My claims about architecture are indirect because the design challenge of pervasive computing is more directly a question of interaction design. This growing field studies how people deal with technology - and how people deal with each other, through technology. As a consequence of pervasive computing, interaction design is poised to become one of the main liberal arts of the twenty-first century. I wrote this book because I ran into many people who believe that. If you share this belief, or if you just wonder what interaction design is in the first place, you may find some substance here in this book.

This book was not only interesting to me it was one of the best interaction books I have read. I personally found it better than the Cooper books, only for the reason McCullough gets into mobile and pervasive computing and how that changes interaction design. Including these current interaction modes the role of interaction design changes quite a bit from preparing an interface that is a transaction done solely on a desktop or laptop, to one that must encompass portability and remote usage and the various social implications. I have a lot of frustration with flash-based sites that are only designed for the desktop and are completely worthless on a handheld, which is often where the information is more helpful to me.

McCullough brings in "place" to help frame the differing uses for information and the interaction design that is needed.
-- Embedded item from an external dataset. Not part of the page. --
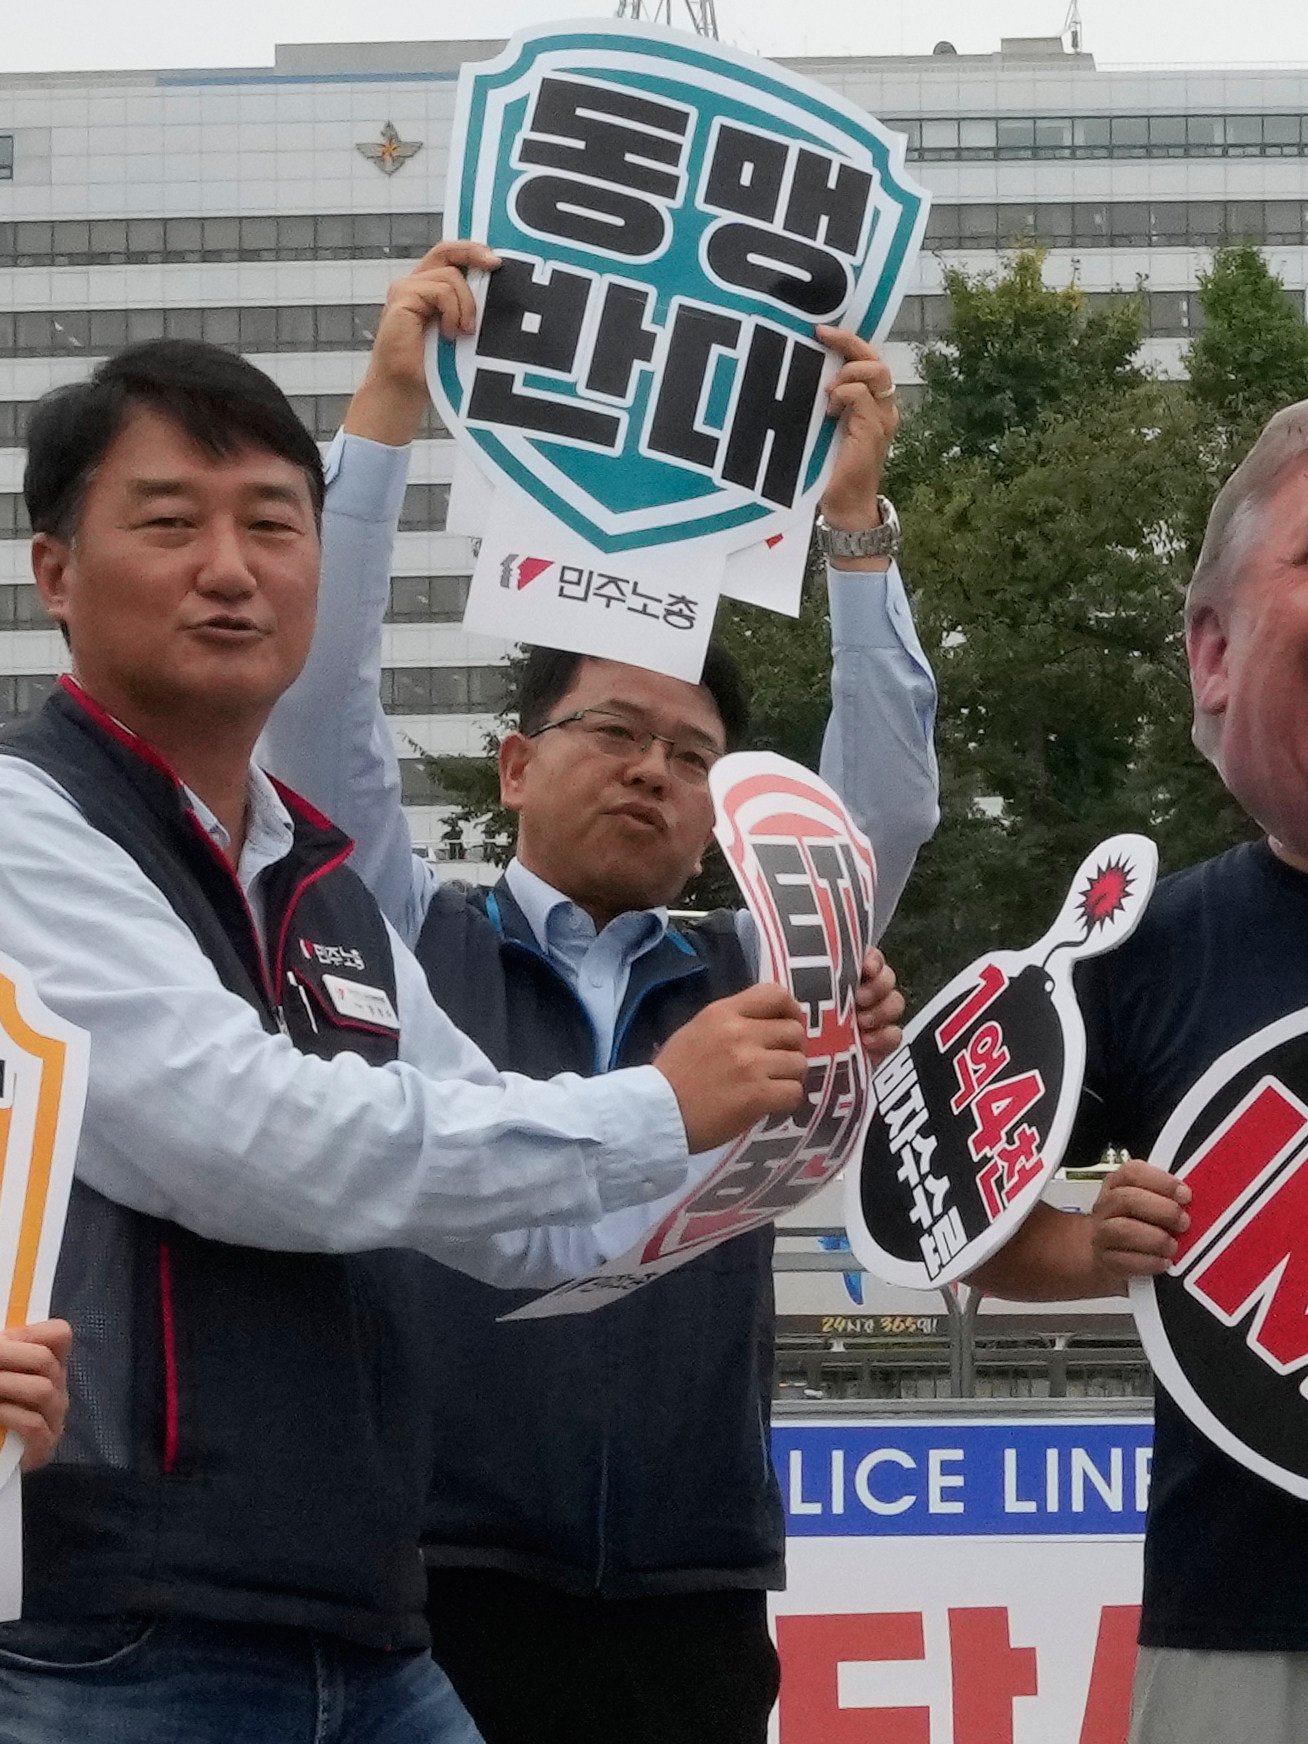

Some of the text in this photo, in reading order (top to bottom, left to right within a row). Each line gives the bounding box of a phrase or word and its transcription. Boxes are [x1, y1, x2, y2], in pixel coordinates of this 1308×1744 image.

McCullough includes home and work as the usual first and second places, as well as the third place, which is the social environment. McCullough then brings in a fourth place, "Travel and Transit", which is where many Americans find themselves for an hour or so each day. How do people interact with news, advertisements, directions, entertainment, etc. in this place? How does interaction design change for this fourth place, as many digital information resources seem to think about this mode when designing their sites or applications.

Not only was the main content of Digital Ground informative and well though out, but the end notes are fantastic. The notes and annotations could be a stand alone work of their own, albeit slightly incongruous.

February 14, 2004

Rael on Tech

Tech Review interviews Rael about rising tech trends and discusses alpha geeks. This interview touches on RSS, mobile devices, social networks, and much more.

January 27, 2004

Project Oxygen Still Alive

Project Oxygen has progressed quite well since we last looked in (Oxygen and Portolano - November 2001). Project Oxygen is a pervasive computing system that is enabled through handhelds. The system has the users information and media follow them on their network and uses hardware (video, speakers, computers, etc.) nearest the user to perform the needed or desired tasks. Project Oxygen also assists communication by setting the language of the voicemail to match the caller's known language. The site includes videos and many details.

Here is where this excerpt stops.